Kathleen Raine, "Blake and Antiquity"
Obviously, ours is also an age of "return to the excluded knowledge." This return began in the fifties, with renewed interest in the areas such as tarot and astrology that Raine lists above.
Tuesday, January 03, 2012
poem by Phillip Appleman
New Year's Resolution
Well, I did it again, bringing in
that infant Purity across the land,
welcoming Innocence with gin
in New York, waiting up
to help Chicago,
Denver, L.A., Fairbanks, Hon-
olulu--and now
the high school bands are alienating Dallas,
and girls in gold and tangerine
have lost all touch with Pasadena,
and young men with muscles and missing teeth
are dreaming of personal fouls,
and it's all beginning again, just like
those other Januaries in
instant reply.
But I've had enough
of turning to look back, the old
post-morteming of defeat:
people I loved but didn't touch,
friends I haven't seen for years,
strangers who smiled but didn't speak--failures,
failures.
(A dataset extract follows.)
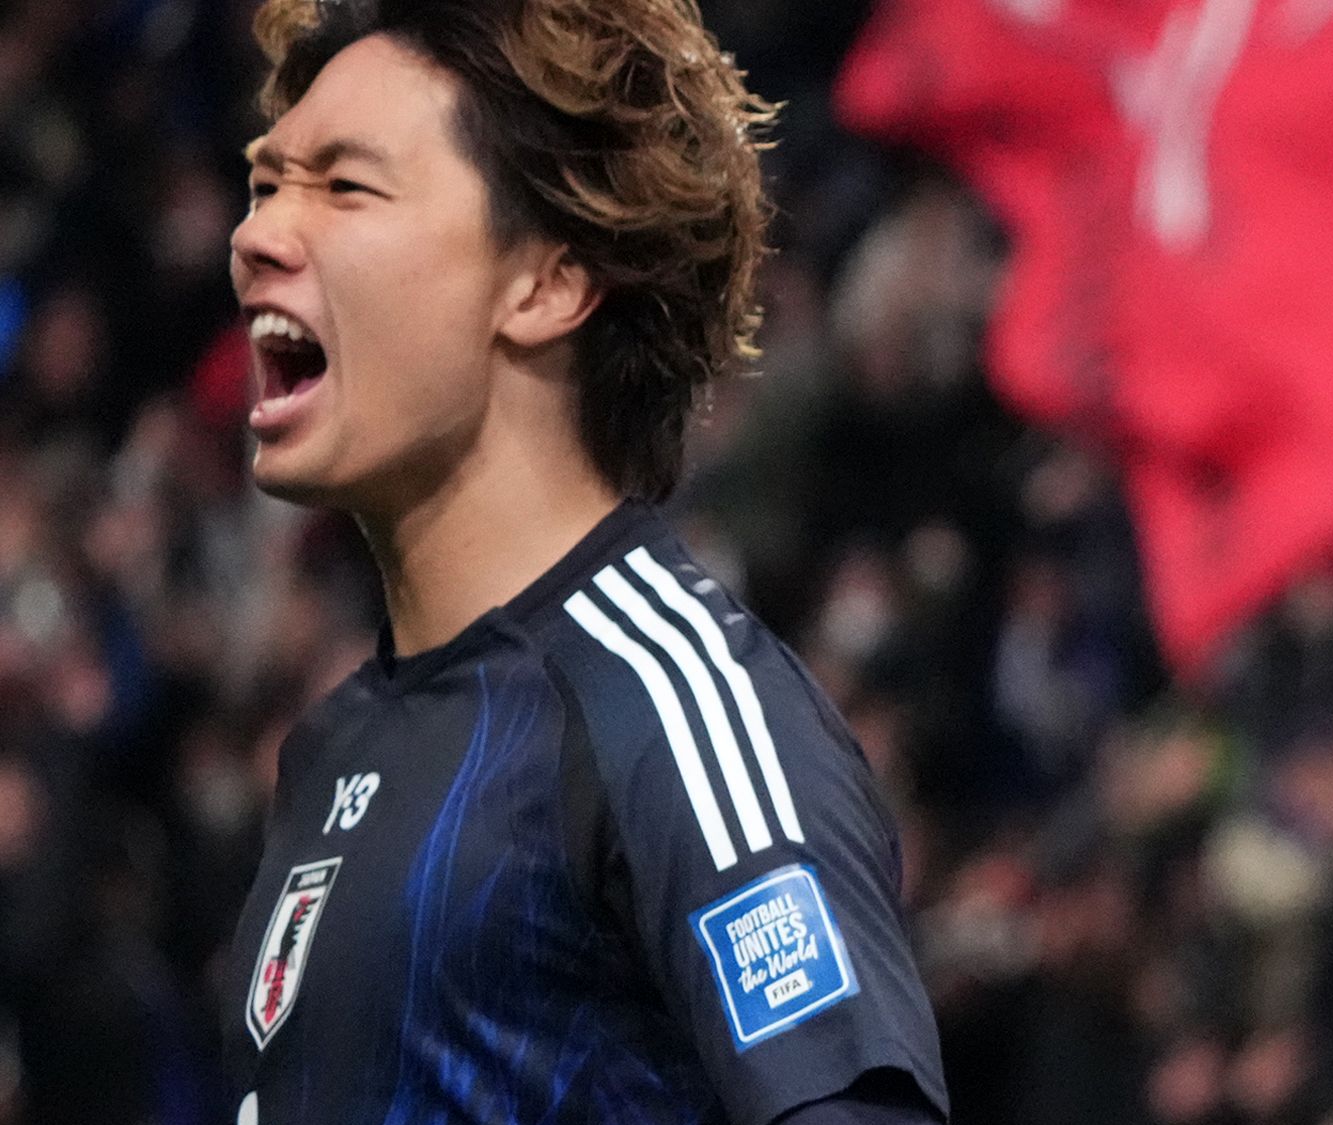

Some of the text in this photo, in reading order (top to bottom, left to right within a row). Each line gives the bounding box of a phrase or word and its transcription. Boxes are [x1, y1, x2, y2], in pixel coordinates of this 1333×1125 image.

[726, 893, 799, 943] FOOTBALL
[733, 912, 807, 967] UNITES
[738, 934, 819, 993] the World
[772, 978, 802, 999] FIFA
No,
I refuse to leave it at that, because
somewhere, off camera,
January is coming like Venus
up from the murk of December, re-
virginized, as innocent
of loss as any dawn. Resolved: this year
I'm going to break my losing streak,
I'm going to stay alert, reach out,
speak when not spoken to,
read the minds of people in the streets.
I'm going to practice every day,
stay in training, and be moderate
in all things.
All things but love.
~ Philip Appleman ~
This is a poem that reveals a sensibility very different from that of Rumi or Rilke. It is extremely modern, given over (in its opening) to irony and objectivity--until the end, when the poet softens, becomes more optimistic, and speaks of love.
I think one of the challenges for us in today's world--especially those of us who have experienced deep spiritual awakening--is to live in both worlds--to appreciate the contemporary sensibility (which may involve ironic detachment and exclude transcendence)--and also to be in deep resonance with the truly great visionaries, who affirmed divine presence and holy love.
I think our challenge is greater than it would have been in other eras--when one could more easily tread a sacred path--and made ever more difficult today, when irony and skepticism seem to prevail.
Thoreau had a phrase I love. He speaks of "innocence clarified by experience." None of us today can claim to be totally innocent--we see too much of the world for this. But, if we are lucky, we can still retain much of our original innocence, not rejecting it and becoming disillusioned or bitter, but allowing it to be "clarified" (made more pure) by experience.
Thus we are able at times to connect through Kundalini bliss states or other moments of transcendence with primal purity, the unadulterated truth of our being, the state we recognize as our true selves.